After the city agreed to budget a placeholder sum of up to $400,000 for conceptual design for the Byron Carlyle movie theater cultural center last September, in late January Commissioner David Richardson announced he would bring an item to the commission March 9 proposing a plan for the historic theater. The proposal he said, would have preliminary budgets and proposals for an architectural design, “with a maximum outlay of $5 million by the city.”
“We’re working with consultants under our architectural and engineering rotational firm which we already have pre-negotiated contracts on,” said Adrian Morales, city director of Property Management, during the Jan. 20 commission meeting. “We’re working on proposals on conceptual design including public outreach.
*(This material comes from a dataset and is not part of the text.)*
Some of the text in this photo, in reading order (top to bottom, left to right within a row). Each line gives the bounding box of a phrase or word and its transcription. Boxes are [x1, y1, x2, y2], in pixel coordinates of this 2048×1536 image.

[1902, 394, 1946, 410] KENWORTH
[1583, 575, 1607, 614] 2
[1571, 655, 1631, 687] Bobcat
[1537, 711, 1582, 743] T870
We’re still in the process of finalizing those and we will have that option available should we receive direction to proceed.”
The city is also analyzing zoning requirements and land use restrictions to make sure a cultural center can be built at the site, Mr. Morales said.
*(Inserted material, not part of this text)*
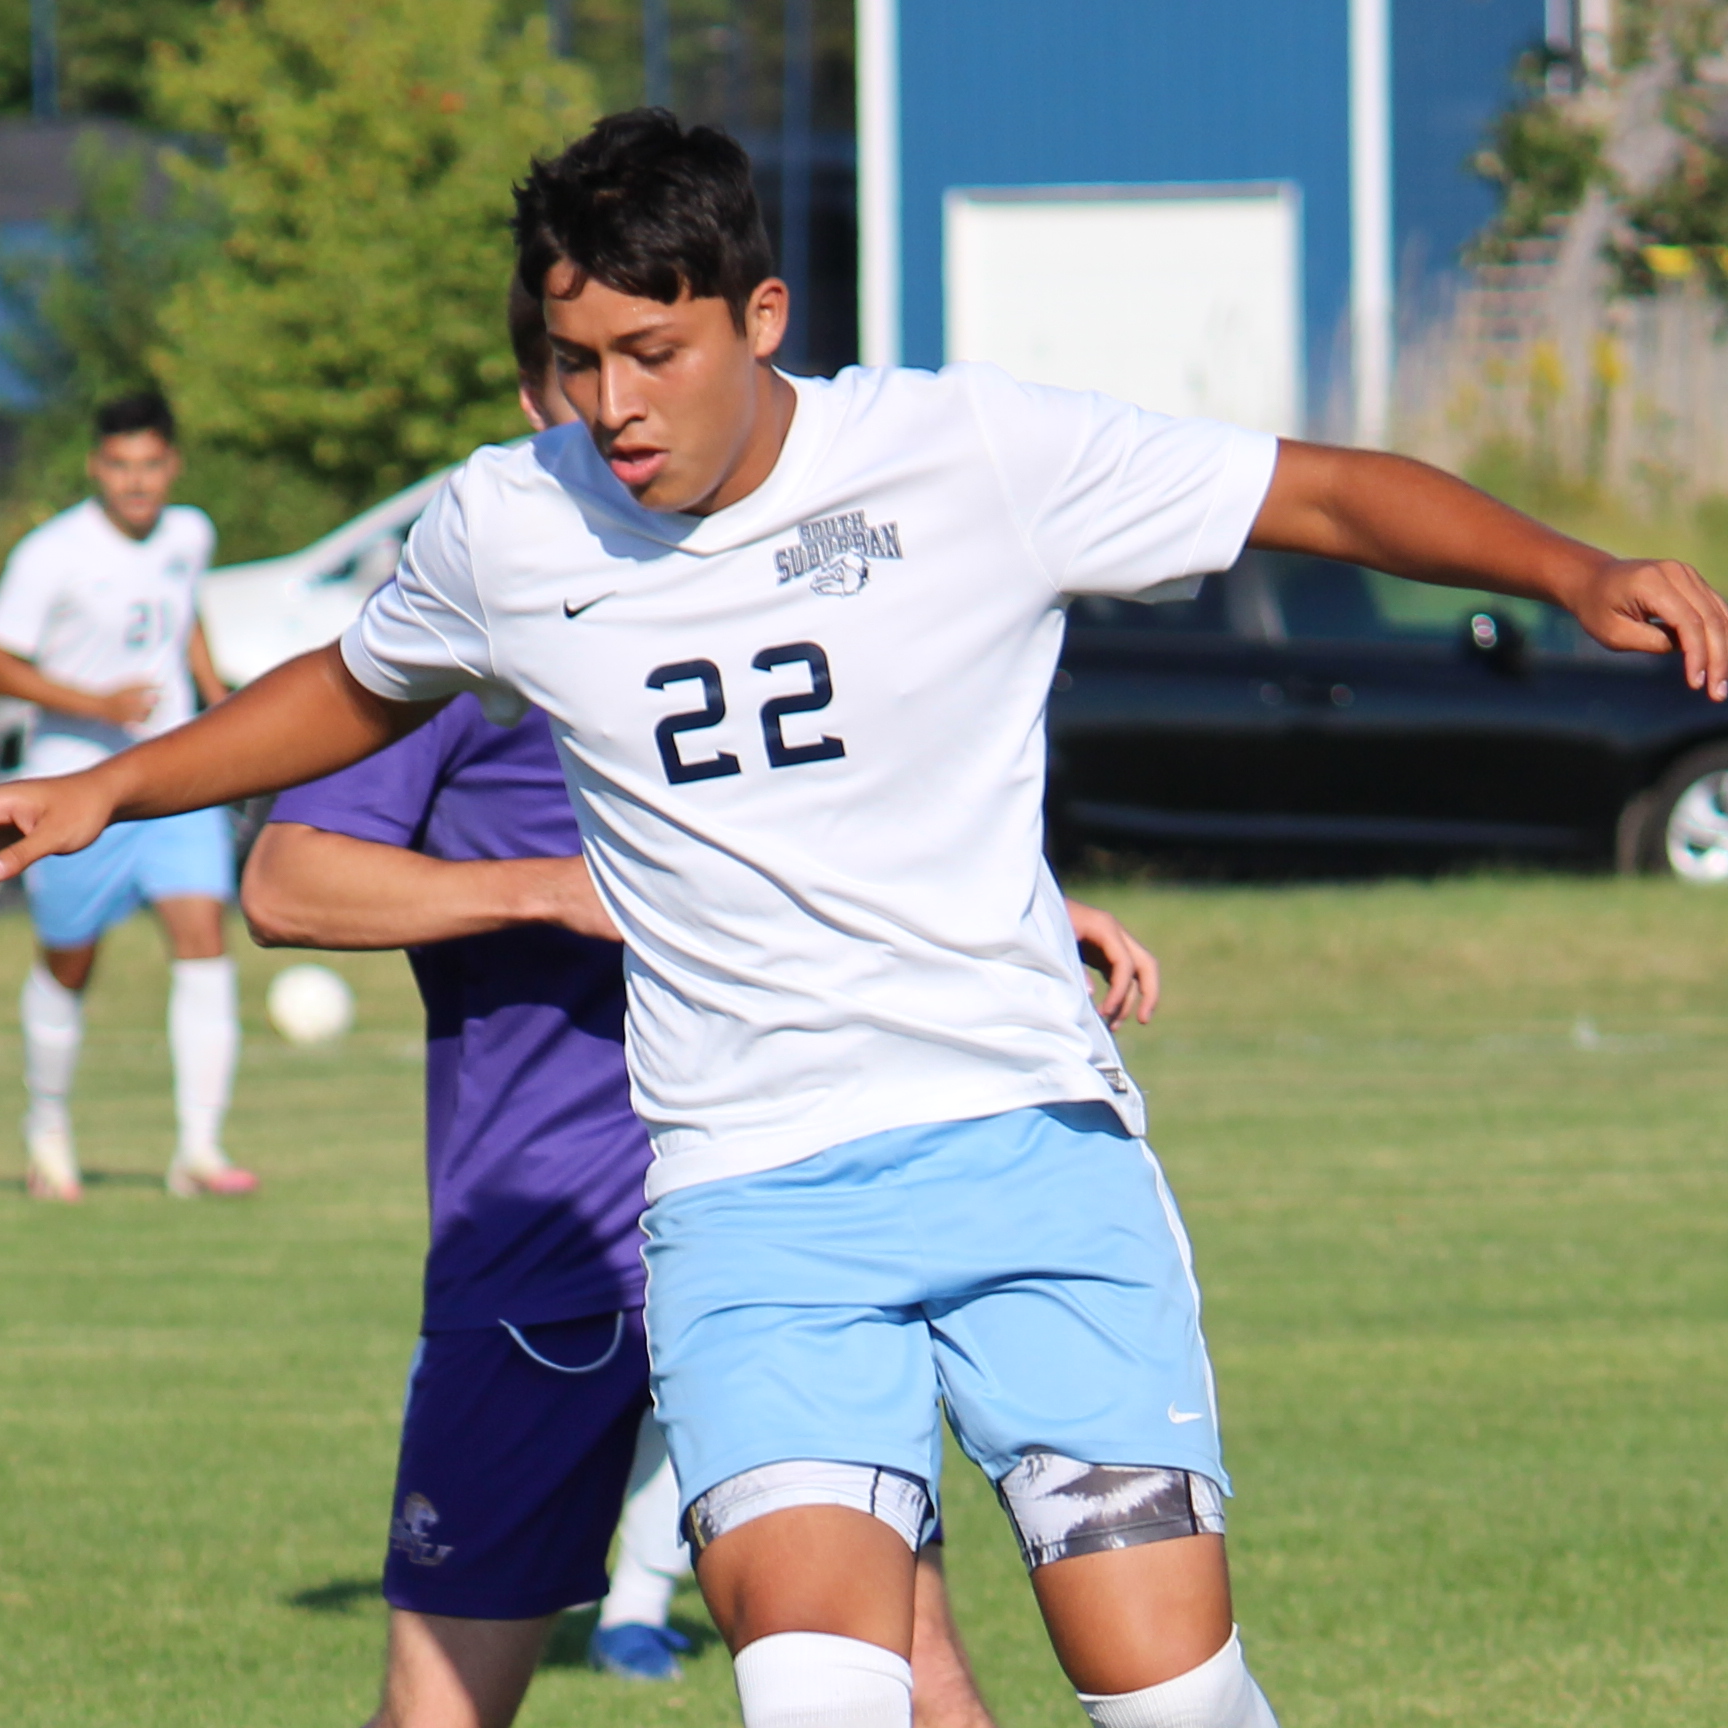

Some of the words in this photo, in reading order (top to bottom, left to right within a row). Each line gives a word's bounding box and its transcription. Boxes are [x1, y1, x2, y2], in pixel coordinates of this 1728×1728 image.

So far, $400,000 has been allocated from resort taxes for a conceptual design, a move sponsored by Commissioner Mark Samuelian, seconded by Commissioner Alex Fernandez and passed unanimously.
“The Byron Carlyle is an important asset in our efforts to try to activate North Beach. It is so terribly unfortunate that we have let our own city property go into such conditions,” said Mr. Samuelian, who then offered a resolution to direct the administration to initiate the process for the conceptual design. “So that’s where we’re at.”
In terms of the conceptual design, Mr. Samuelian said, “what’s most important to me are two things: that we have a state-of-the-art cultural center, and that we have a community-driven process, which I believe is the lesson learned from the last RFP.”
In December 2020, Menin Hospitality and KGTC presented after a request for proposals (RFP) a plan to build 151 workforce units, 9,000 square feet of rental space and a 10,500-square-foot cultural center, which the city voted down due to opposition from both the commission and residents.
“We are closer than we were,” Mr. Samuelian said. “For the first time, the city has committed funding – we didn’t have that in place – and number two, we have a vote by the commission directing the administration to start that process. We’ve never done that either before.”
The hope, he said, is that the city would maintain some ownership of the property.
Mayor Dan Gelber, in his 2022 State of the City Address, championed Commissioner Ricky Arriola’s idea for a cultural general obligation bond to fund cultural capital improvements throughout the city, including a reimagined Byron Carlyle theater.
“We need to harden into our city DNA this commitment to arts and culture, because it is unquestionably the best version of Miami Beach,” Mayor Gelber said. “It defines who we want to attract, and it gives our residents the kinds of unique amenities you can’t find anywhere else.”